ACTIVITY » Copy the data that follows exactly as it is, excluding all pictures.

MATERIAL TO PROCESS »
Start of Block
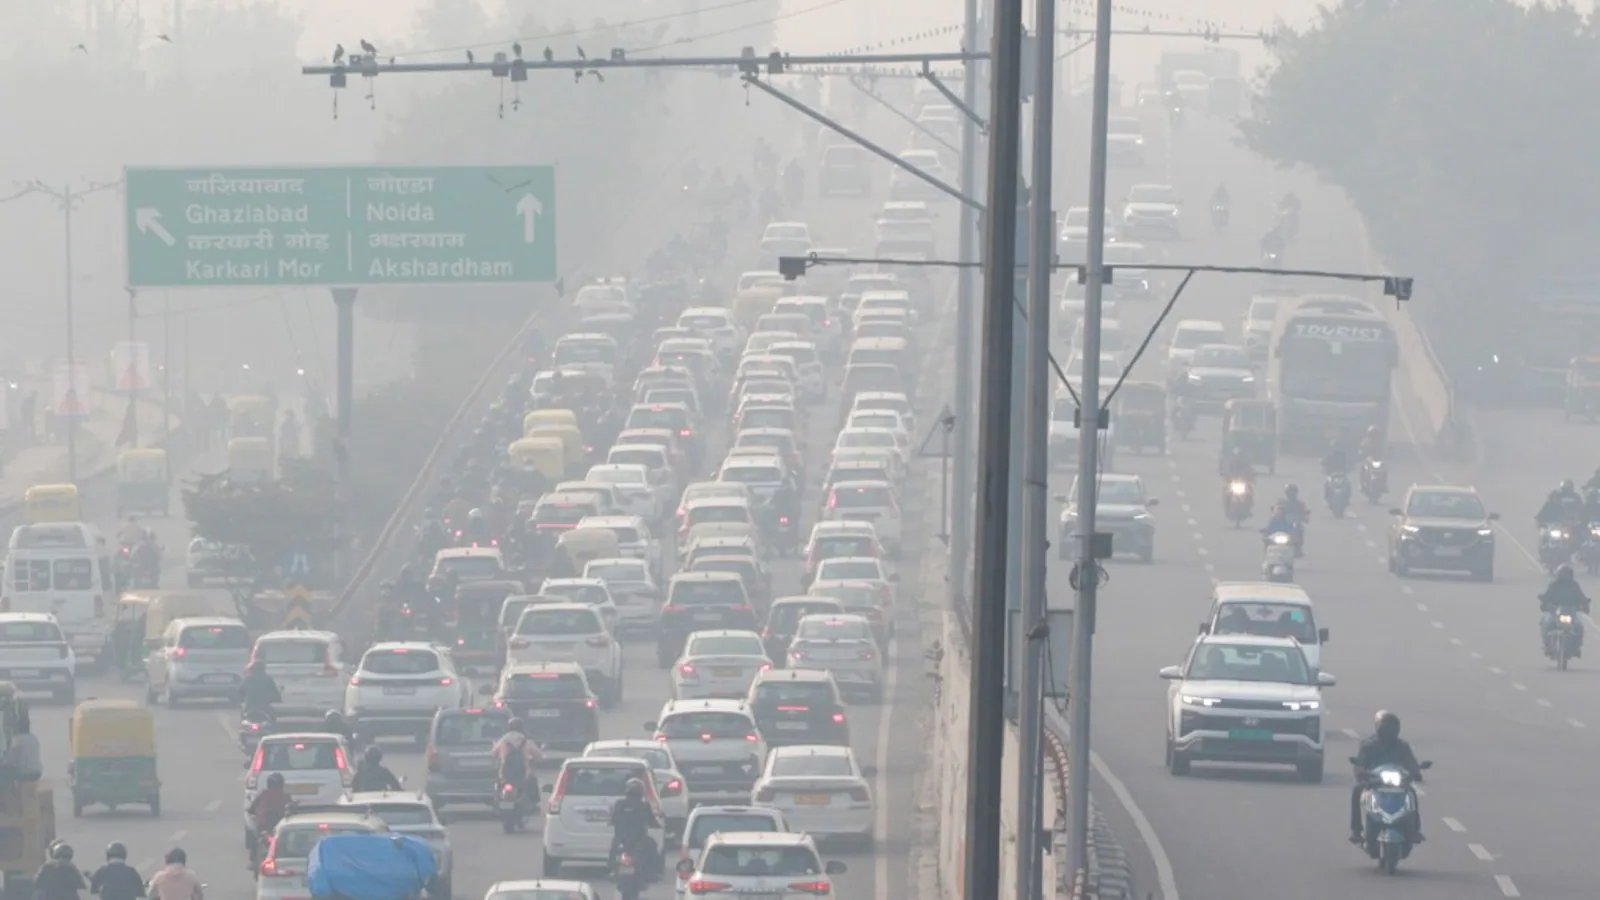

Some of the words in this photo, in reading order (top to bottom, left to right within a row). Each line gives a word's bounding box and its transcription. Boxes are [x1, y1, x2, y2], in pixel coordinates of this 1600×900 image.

[185, 203, 309, 224] Ghaziabad
[367, 202, 435, 222] Noida
[186, 258, 269, 280] Karkari
[278, 258, 324, 279] Mor
[368, 257, 515, 278] Akshardham
[1296, 324, 1382, 340] TOURIST
End of Block
COMPLETED TASK »
Some of the words in this photo, in reading order (top to bottom, left to right within a row). Each line gives a word's bounding box and its transcription. Boxes are [x1, y1, x2, y2], in pixel coordinates of this 1600×900 image.

[185, 203, 309, 224] Ghaziabad
[367, 202, 435, 222] Noida
[186, 258, 269, 280] Karkari
[278, 258, 324, 279] Mor
[368, 257, 515, 278] Akshardham
[1296, 324, 1382, 340] TOURIST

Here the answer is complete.